BACKGROUND: Strictures of the urethra are the commonest cause of obstructed micturition in younger men and frequently recur after initial treatment. Standard treatment comprises internal widening of the strictured area by simple dilatation or by telescope-guided internal cutting (optical urethrotomy), but these interventions are associated with a high failure rate requiring repeated treatment. The alternative option of open urethroplasty whereby the urethral lumen is permanently widened by removal or grafting of the strictured segment is less likely to fail but requires greater expertise. Improved choice of graft material and shortened hospital stay suggest urethroplasty may be under used. The extent and quality of evidence guiding treatment choice for this condition is uncertain.

OBJECTIVES: To determine which is the best surgical treatment for male urethral stricture disease taking into account relative efficacy, adverse event rates and cost-effectiveness.

SEARCH STRATEGY: We searched the Cochrane Incontinence Group Specialised Register (searched 26 March 2009), CENTRAL (2009, Issue 1), MEDLINE (January 1950 to March 2009), EMBASE (January 1980 to March 2009), OpenSIGLE (searched 26 March 2009), clinical trials registries and reference lists of relevant articles.

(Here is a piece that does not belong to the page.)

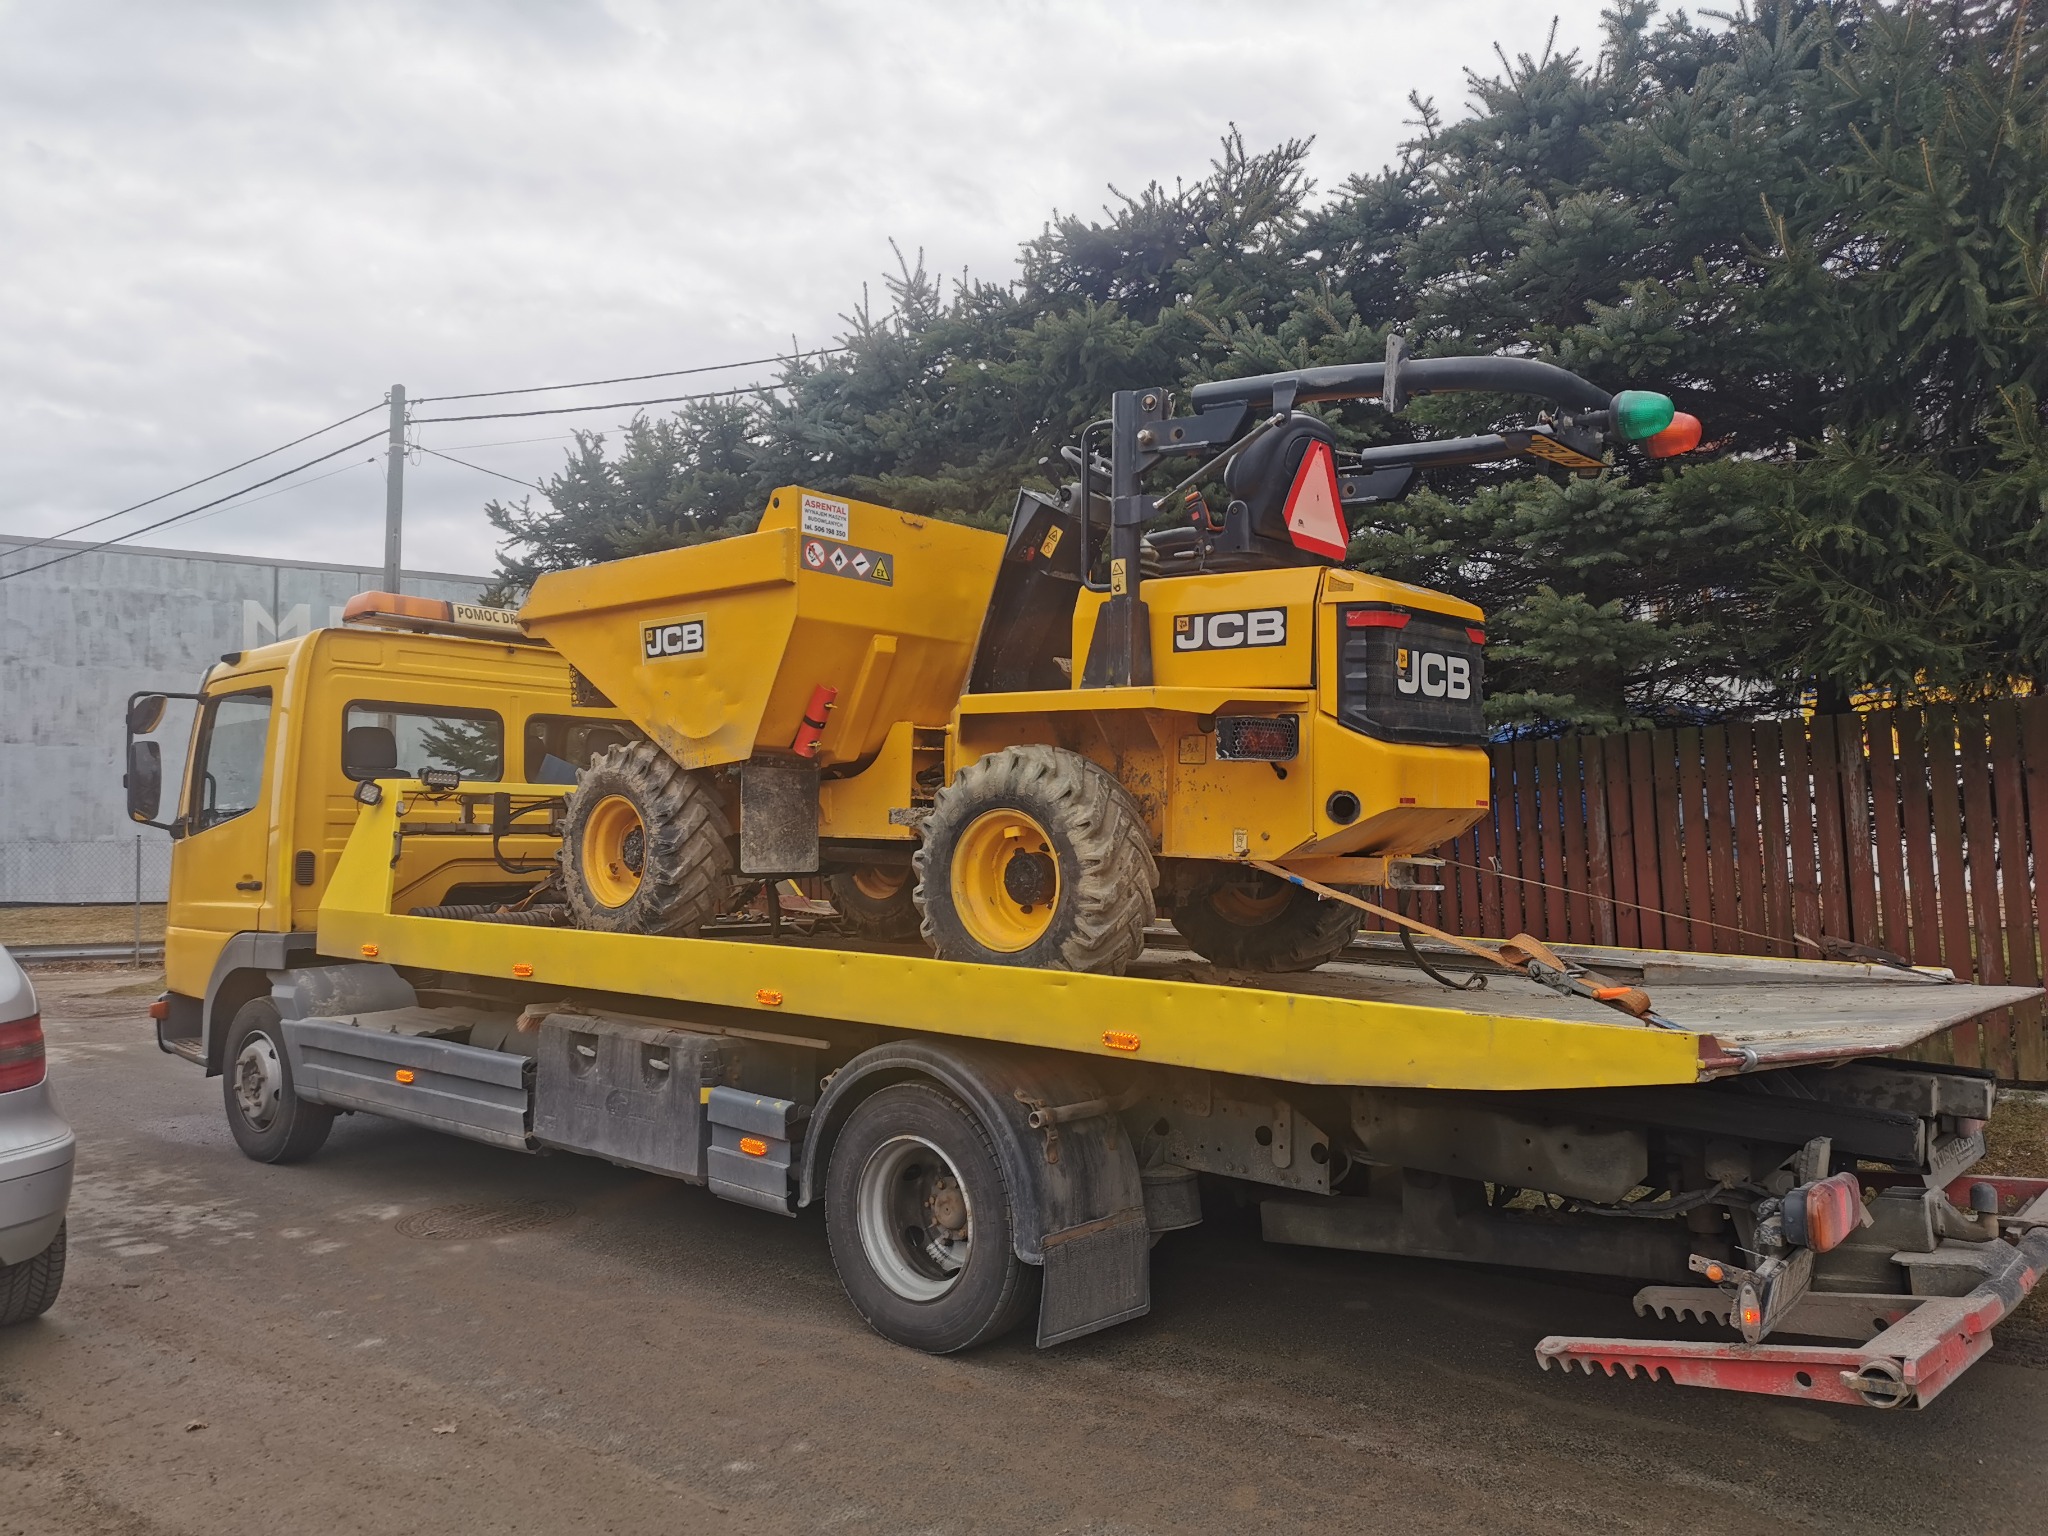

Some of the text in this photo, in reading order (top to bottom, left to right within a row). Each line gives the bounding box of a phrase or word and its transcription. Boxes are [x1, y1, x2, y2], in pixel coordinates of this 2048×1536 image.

SELECTION CRITERIA: We included publications reporting data from randomised or quasi-randomised controlled trials comparing the effectiveness of dilatation, urethrotomy and urethroplasty in the treatment of adult men with urethral stricture disease.

DATA COLLECTION AND ANALYSIS: Two authors evaluated trials for appropriateness for inclusion and methodological quality. Data extraction was performed using predetermined criteria. Analyses were carried out using the Cochrane Review Manager software; RevMan 5.

MAIN RESULTS: Two randomised trials were identified. One trial compared the outcome of surgical urethral dilatation and optical urethrotomy in 210 adult men with urethral stricture disease. No significant difference was found in the proportion of men being stricture free at three years or in the median time to recurrence. The second trial compared the outcome of urethrotomy and urethroplasty in 50 men with traumatic stricture of the posterior urethra following pelvic fracture injury. After two years 16 of 25 (64%) men initially treated by urethrotomy required continued self-dilatation or further surgery for stricture recurrence compared to 6 of 25 (24%) men treated by primary urethroplasty. There was insufficient data to perform meta-analysis or to reliably determine effect size.

AUTHORS' CONCLUSIONS: There were insufficient data to determine which intervention is best for urethral stricture disease in terms of balancing efficacy, adverse effects and costs. Well designed, adequately powered multi-centre trials are needed to answer relevant clinical questions regarding treatment of men with urethral strictures.